Sans doute avons-nous tort de faire la fine bouche. Il y a là de la vraie SF. Un peu asimovienne, même : classique, à chute. Sur fond de société future difficilement respirable, et telle du fait de bonnes intentions. En quatorze nouvelles inégales, qui ne forment pas un roman comme à l'âge d'or, mais une mosaïque, un tableau. Avec le retour de dissidents, les membres d'un “réseau Sénèque”, qui font ce qu'ils peuvent. Avec une surveillance généralisée, des caméras partout, pour aider, épauler, intervenir au moindre signe de malaise physique ou moral. Avec des histoires situées tout autour du monde, devenu village global. Un Danois ne supporte plus cette surveillance bienveillante et se crée par ruse un petit espace de liberté, dans un monde où les livres “inutiles” sont prohibés. Un astronome péruvien découvre un message en lettres géantes sur une planète brusquement apparue, et la Terre se mobilise pour répondre par le même procédé — ce qui prend près d'un siècle avant que nous soyons renvoyés à notre insignifiance. Un congrès scientifique fort idéologique se règle par une expérience — et le développement en onze pages de la moitié de la quatrième de couverture d'un ouvrage à trois voix paru voici quelques années sous un titre presque semblable à cet "Œil du singe".(1) Le premier “homme augmenté” devient pratiquement le maître de la planète, promis à un millénaire de vie et surpassant quiconque, mais se retrouve face à lui-même. Un ressortissant du Malawi est tiré au sort pour être une vedette mondiale, adulé dans une immense cérémonie sur la Ve avenue de New York — jusqu'aux six derniers mots du texte, sa dernière ligne. Un truand lisboète présente son empire mondial cybernétique à une somptueuse créature — peut-être pas aussi bimbo qu'elle le montre. Les crimes de masse sont le pain quotidien tout autour du monde, de la « République contre-révolutionnaire du Venezuela »
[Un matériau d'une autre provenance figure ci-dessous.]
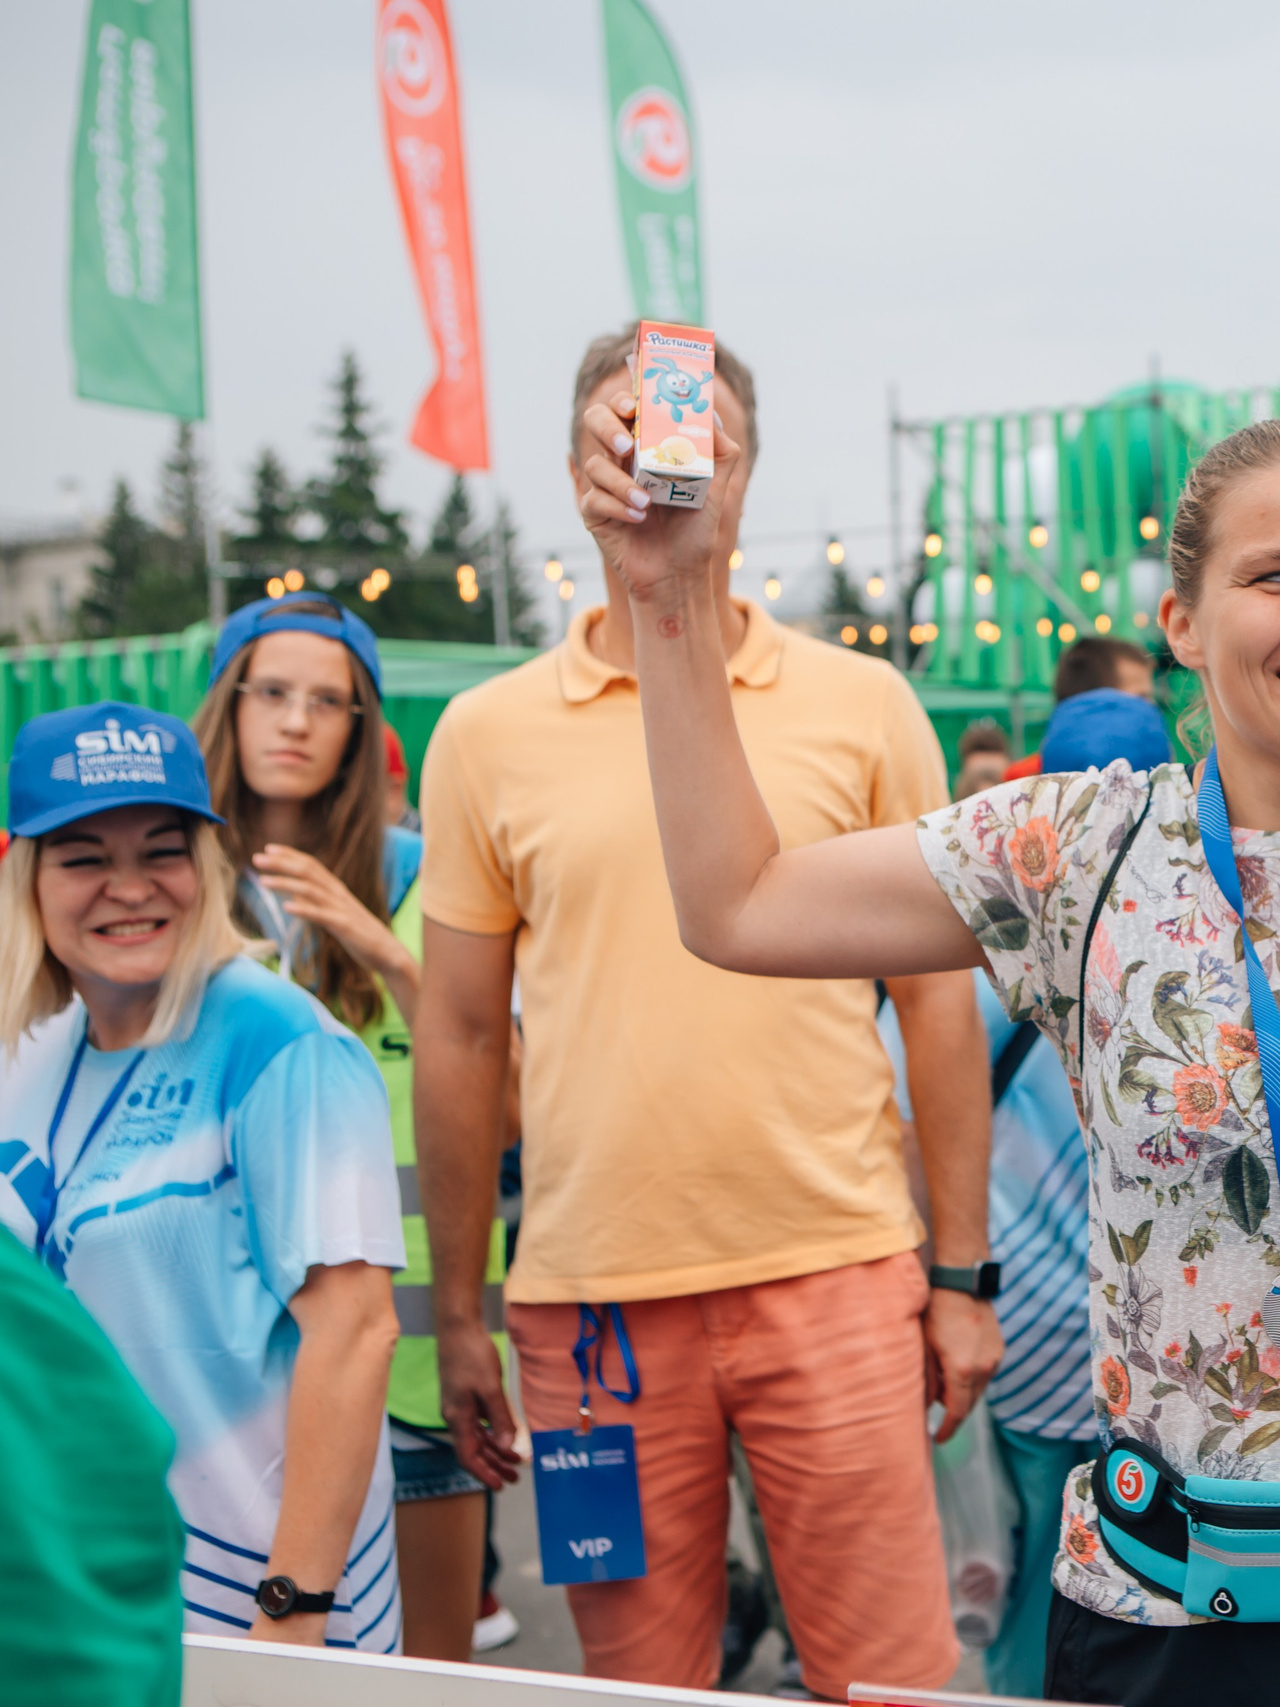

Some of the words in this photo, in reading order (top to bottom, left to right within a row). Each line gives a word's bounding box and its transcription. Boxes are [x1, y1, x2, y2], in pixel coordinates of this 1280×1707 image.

à la « Monarchie populaire du Kazakhstan »
en passant par la « République française réunifiée »
— mais que se passe-t-il si, un jour, aucun ne se produit ? Un guide de haute montagne italien est jugé et condamné pour l'exercice de son métier, interdit comme tous ceux considérés comme inutiles et dangereux. Les nouvelles merveilles du monde sont une île géante de déchets plastiques, des dômes de verre contenant des centrales atomiques en fusion, un carré de cent kilomètres sur cent où est préservée la biodiversité amazonienne au milieu d'un désert, un autre pour la savane africaine, le pôle devenu navigable, et la dernière île épargnée par la montée des eaux, transformée en conservatoire ethnographique, plus les lettres géantes plus haut évoquées — et il ne fait pas bon faire la fine bouche. Le séquençage des embryons débouche sur un eugénisme massif, mais qui peut être saboté de l'intérieur — même si le résultat peut n'avoir rien de positif pour la généticienne roumaine qui y est incitée. L'exigence de payer en liquide, exprimée ici par une Argentine, devient passible des tribunaux. La planète connaît un nouveau déluge, une nouvelle arche… mais tout recommence trop exactement comme avant. Paris est le cadre d'une guerre de clans, factions et groupuscules rappelant fortement, aux noms et engagement près, ceux de la Syrie actuelle. Enfin, une planète jumelle de la Terre permet de reconstituer un monde plus vivable — du moins jusqu'à ce que l'on se réveille…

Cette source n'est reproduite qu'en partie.